What is Cognitively Guided Instruction-Handout
by Bill Huggett
What is Cognitively Guided Instruction?
A CGI classroom is where you build on the math knowledge of your children
according to what they know…You don’t build objectives that say they should be
doing this, this, this, and this. You sort of take what they know and build from
there.
(Susan Gehn, First Grade Teacher)
Cognitively Guided Instruction (CGI) is captured in the above statement of an experienced CGI
teacher; it is about teachers making instructional decisions based on their knowledge of
individual children’s thinking. CGI was created by Elizabeth Fennema, Thomas Carpenter,
Penelope Peterson, and Megan Franke.
What CGI Is
CGI is not a traditional primary school mathematics program. Children in CGI classrooms spend most of their time solving problems, usually problems that are related to a book the teacher has to read to them, a unit they may be studying outside of mathematics class, or something going on in their lives. Various physical materials are available to children to assist them in solving the problems. Each child decides how and when to use the materials, fingers, paper and pencil; or to solve the problem mentally. Children are not shown how to solve the problems. Instead each child solves them in any way that they can, sometimes in more than one way, and reports how the problem was solved to peers and teacher. The teacher and peers listen and question until they understand the problem solutions, and then the entire process is repeated. Using information from each child’s reporting of problem solutions, teachers make decisions about what each child knows and how instruction should be structured to enable that child to learn. Starting at the kindergarten level, CGI teachers ask children to solve a large variety of problems involving addition, subtraction, multiplication, or division. Children learn place value as they invent procedures to solve problems that require
regrouping and counting by 10s. Problems are selected carefully so that children count by 1s, 10s, or 100s depending on the child; discuss relationships between basic number facts; and invent procedures to solve problems involving two-and three-digit numbers.
Above information taken from Children’s Mathematics: Cognitively Guided Instruction
Typical Problem Based Progression for Solving Problems:
Direct Modeling – student acts out the situation using manipulatives or
diagrams.
Counting Strategies – student utilizes strategies such as counting up to
solve the problem. They use aids such as number lines or hundreds charts
to help keep track of their counting. Many students get “stuck” at this level,
never really becoming automatic with their facts, instead relying on a variety
of counting strategies or technology such as calculators or spreadsheets.
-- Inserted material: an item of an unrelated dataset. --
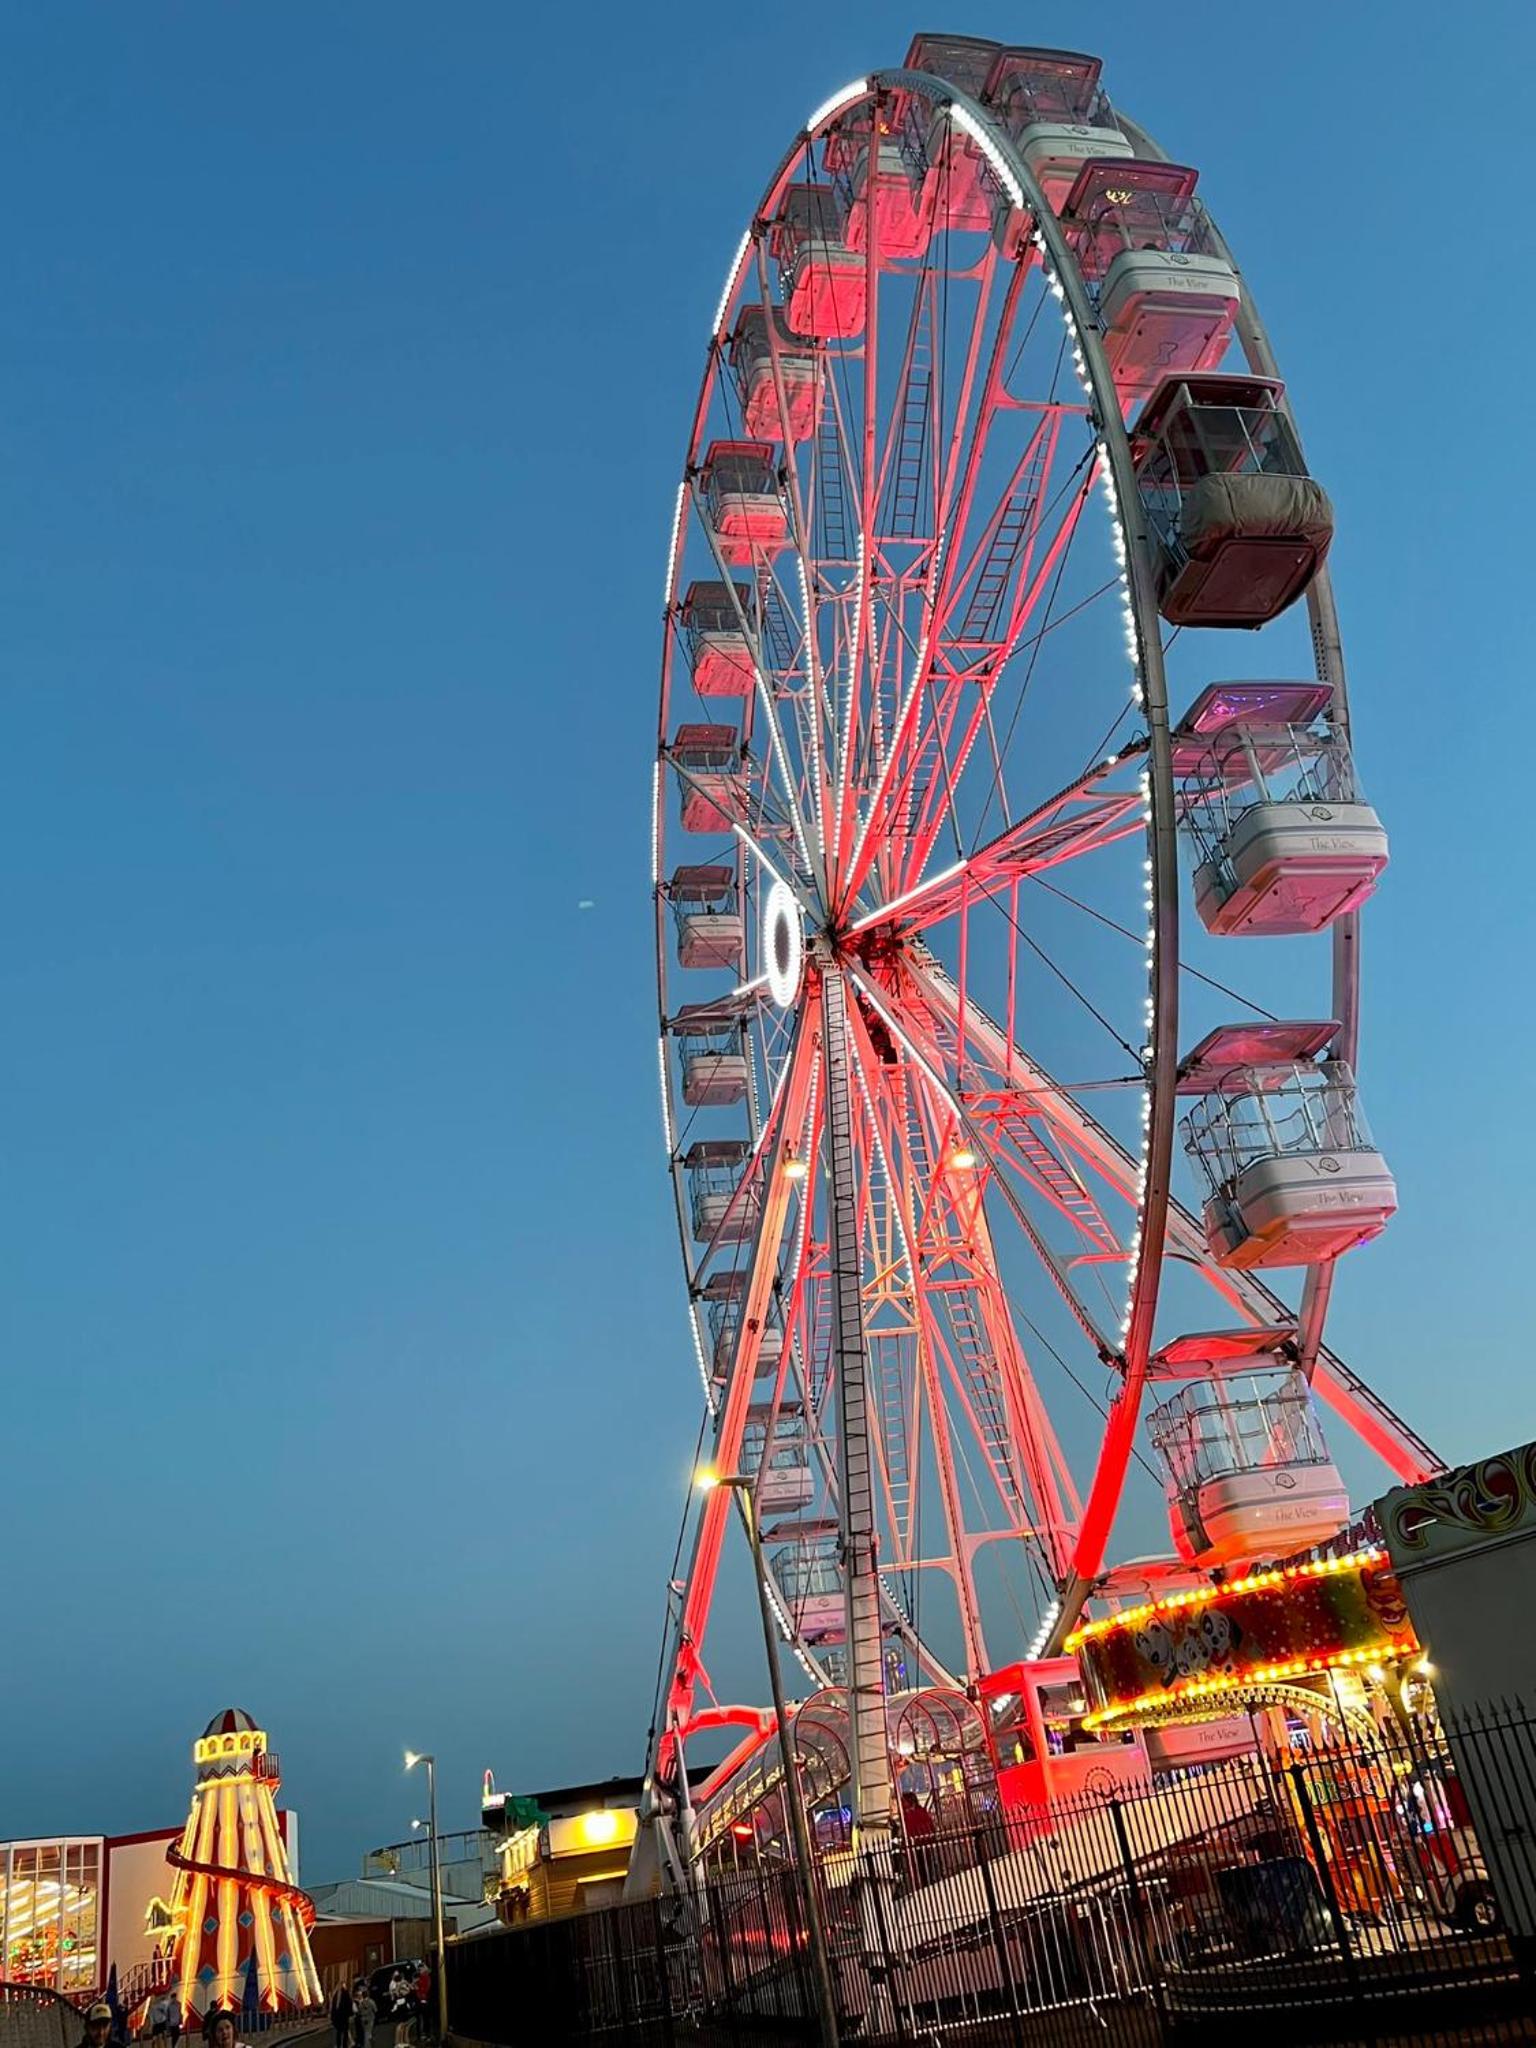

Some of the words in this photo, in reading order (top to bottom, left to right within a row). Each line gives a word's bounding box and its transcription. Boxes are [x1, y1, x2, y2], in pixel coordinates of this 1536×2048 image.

Number Facts – student utilizes known number facts to solve problems.
One way to develop computational fluency is to have students frequently solve
problems and then have the opportunity to evaluate if the answer makes sense.
I would suggest posing problems based on the Cognitively Guided Instruction
(CGI) problem types. The child solves the problem by any method that makes
sense to them. Note the main focus at the K-2 level is addition and subtraction,
but do not be afraid to use the multiplication and division situations on the
second CGI problem type chart. It has been shown students as early as
kindergarten can successfully work with division (even reporting their solutions
using fractions) in a problem based situation such as fair sharing of cookies.
A problem and related solutions might look like this:
Sally has 35 rocks. John has 17 rocks. How many more rocks does Sally have than John?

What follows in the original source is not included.